Whatever Works

– Por que querem saber a minha história? Nos conhecemos? Nos gostamos? Deixa eu explicar, certo?
– Não sou um cara simpático. Carisma nunca foi prioridade para mim. E, para que saibam, esse não é daqueles filmes sensação do ano. Então, se você é um desses idiotas que precisa se sentir bem, vá fazer uma massagem nos pés.
– O que significa tudo isso, afinal? Nada. Zero. Nadinha. Nada leva a nada e, ainda assim, há muito idiota tagarelando. Não eu. Sou um cara de visão. Estou discutindo com vocês. Seus amigos, colegas de trabalho, jornais, TVs. Todos ficam felizes em falar, cheios de desinformações. Moral, ciência, religião, política, esportes, amor. Seus portfólios, seus filhos, saúde. Meu Deus!
– Se eu tivesse que comer nove porções diárias de frutas e vegetais para viver, não ia querer viver. Odeio essa droga de frutas e vegetais. E Omega 3, esteira, eletrocardiograma, a mamografia, o ultrasom pélvico e, ai, meu Deus, a colonoscopia! E, mesmo assim, ainda chega o dia em que te colocam em um caixão e virá a próxima geração de idiotas, que também te falará sobre a vida e definirá o que é apropriado.
– Meu pai se matou porque os jornais matinais o deixaram deprimido. E você pode culpá-lo? Com o horror, a corrupção, a ignorância, a pobreza, o genocídio, a AlDS, o aquecimento global, o terrorismo, os valores familiares imbecis e os imbecis armados!
– “O horror”, Kurtz falou sobre ele em “O Coração das Trevas”. “O horror”. Sorte que Kurtz não tinha o Times entregue na selva, aí ele veria algum horror. Mas o que devem fazer? Vocês lêem sobre o massacre em Darfur, ou sobre um ônibus escolar que explodiu, e dizem “Meu Deus, o horror!”
– E aí, vocês viram a página e terminam seus ovos de galinhas de quintal. Porque… o que se pode fazer? É massacrante. Eu já tentei me matar. Obviamente, não deu certo. Mas por que querem saber disso? Deus, têm seus próprios problemas! Tenho certeza que estão obcecados com suas tristezas, esperanças e sonhos.

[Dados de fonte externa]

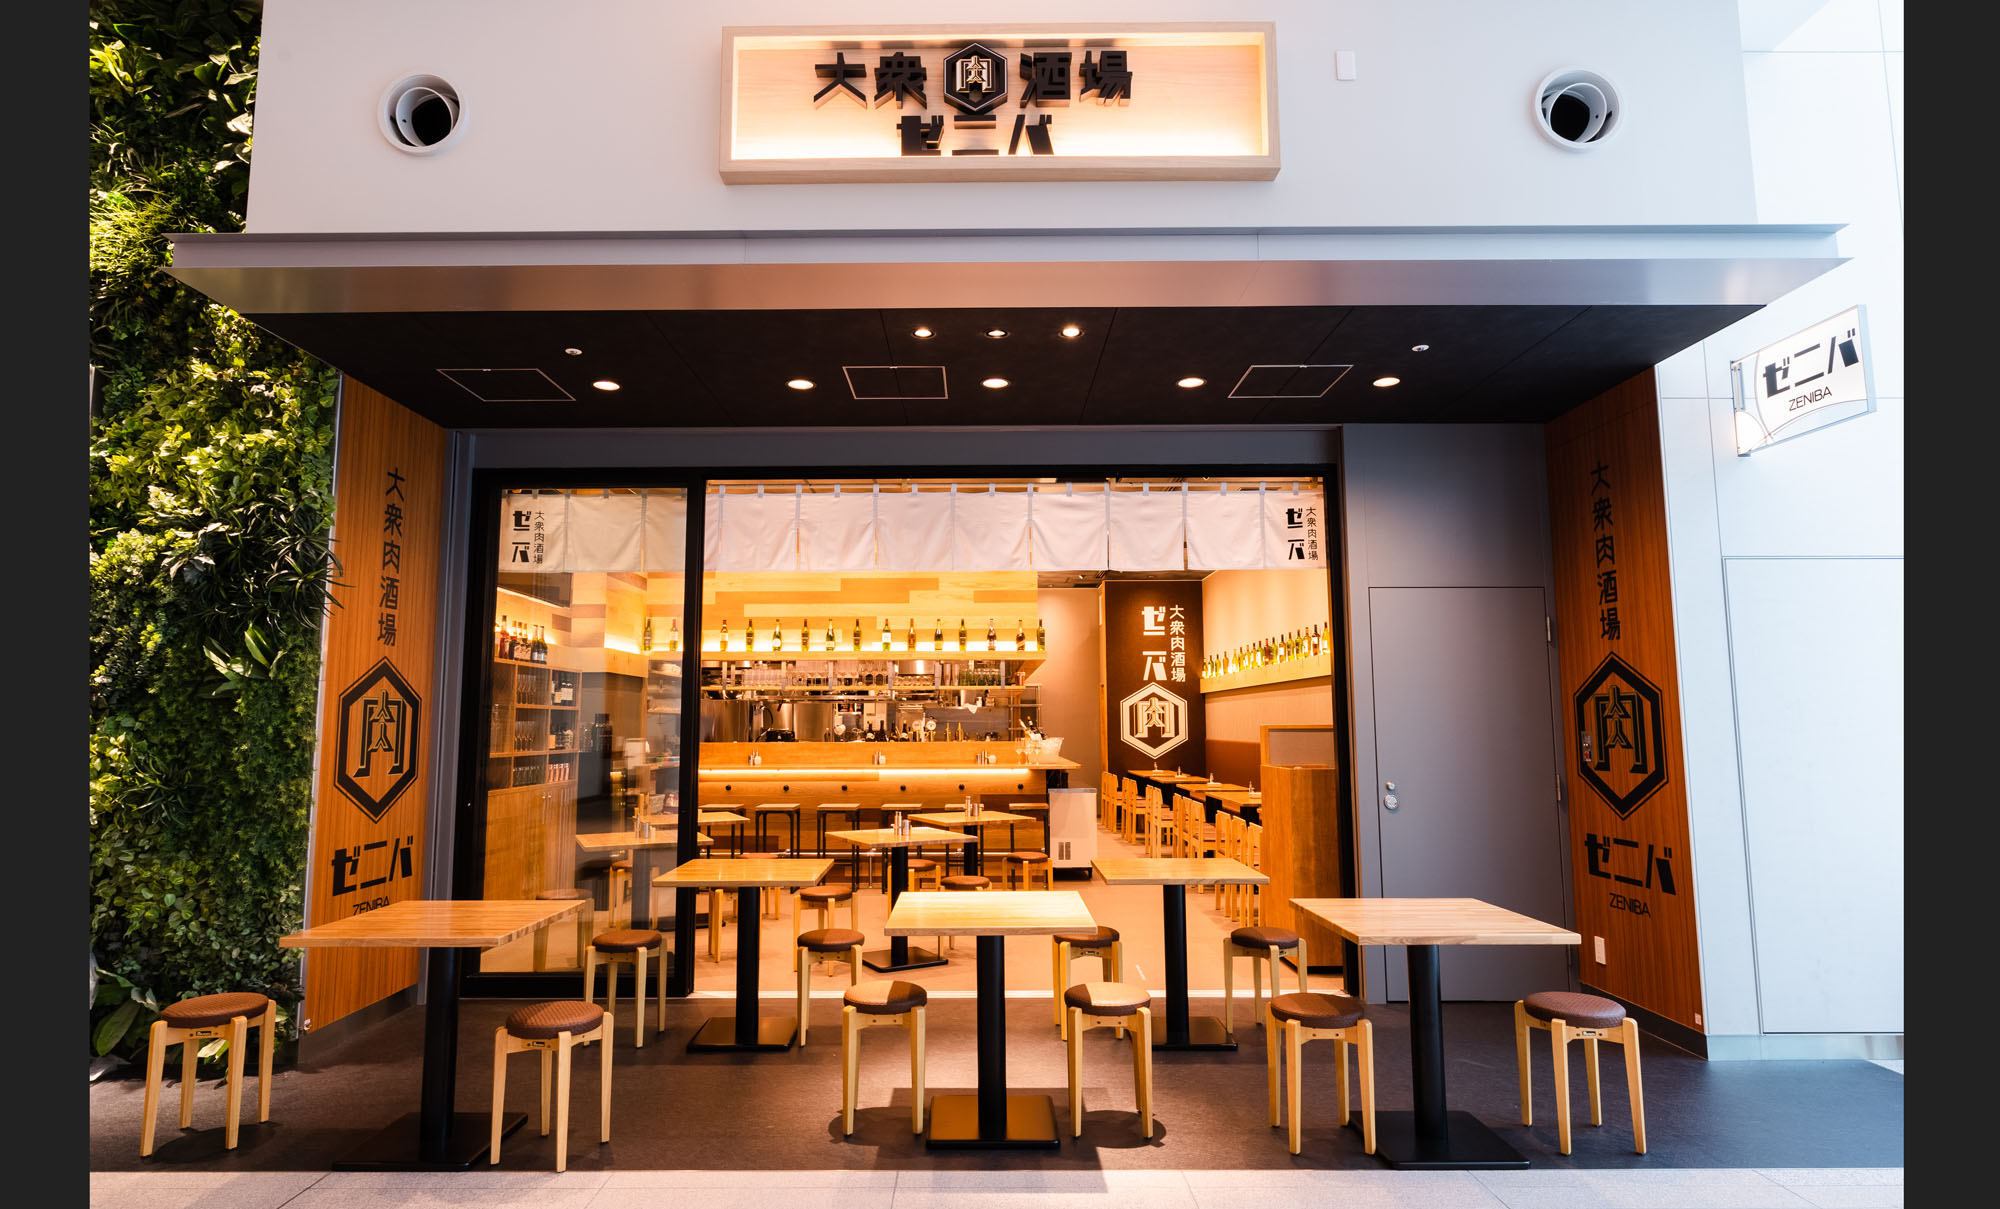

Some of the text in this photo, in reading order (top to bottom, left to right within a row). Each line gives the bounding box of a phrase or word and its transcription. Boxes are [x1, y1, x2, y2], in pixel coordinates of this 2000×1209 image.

– As previsíveis vidas amorosas infelizes. Seus empreendimentos fracassados. “Ah, se eu tivesse comprado aquela ação!” “Se eu tivesse comprado aquela casa anos atrás!” “Se eu tivesse me aproximado daquela mulher.” Se isso, se aquilo.
– Querem saber? Me dêem um tempo com esses seus “poderia ter” e “deveria ter”. Como minha mãe dizia, “Se minha avó tivesse rodas, ela poderia ter sido um bonde.” Minha mãe não tinha rodas. Ela tinha varizes. Ainda assim, a mulher deu à luz a uma mente brilhante. Consideraram meu nome para um Nobel de Física. Não ganhei.
– Mas, sabem, isso tudo é política, como todas as outras honras hipócritas. Aliás, não pensem que sou amargo por conta de algum revés pessoal. Pelos padrões de uma civilização bárbara e estúpida, tenho tido muita sorte!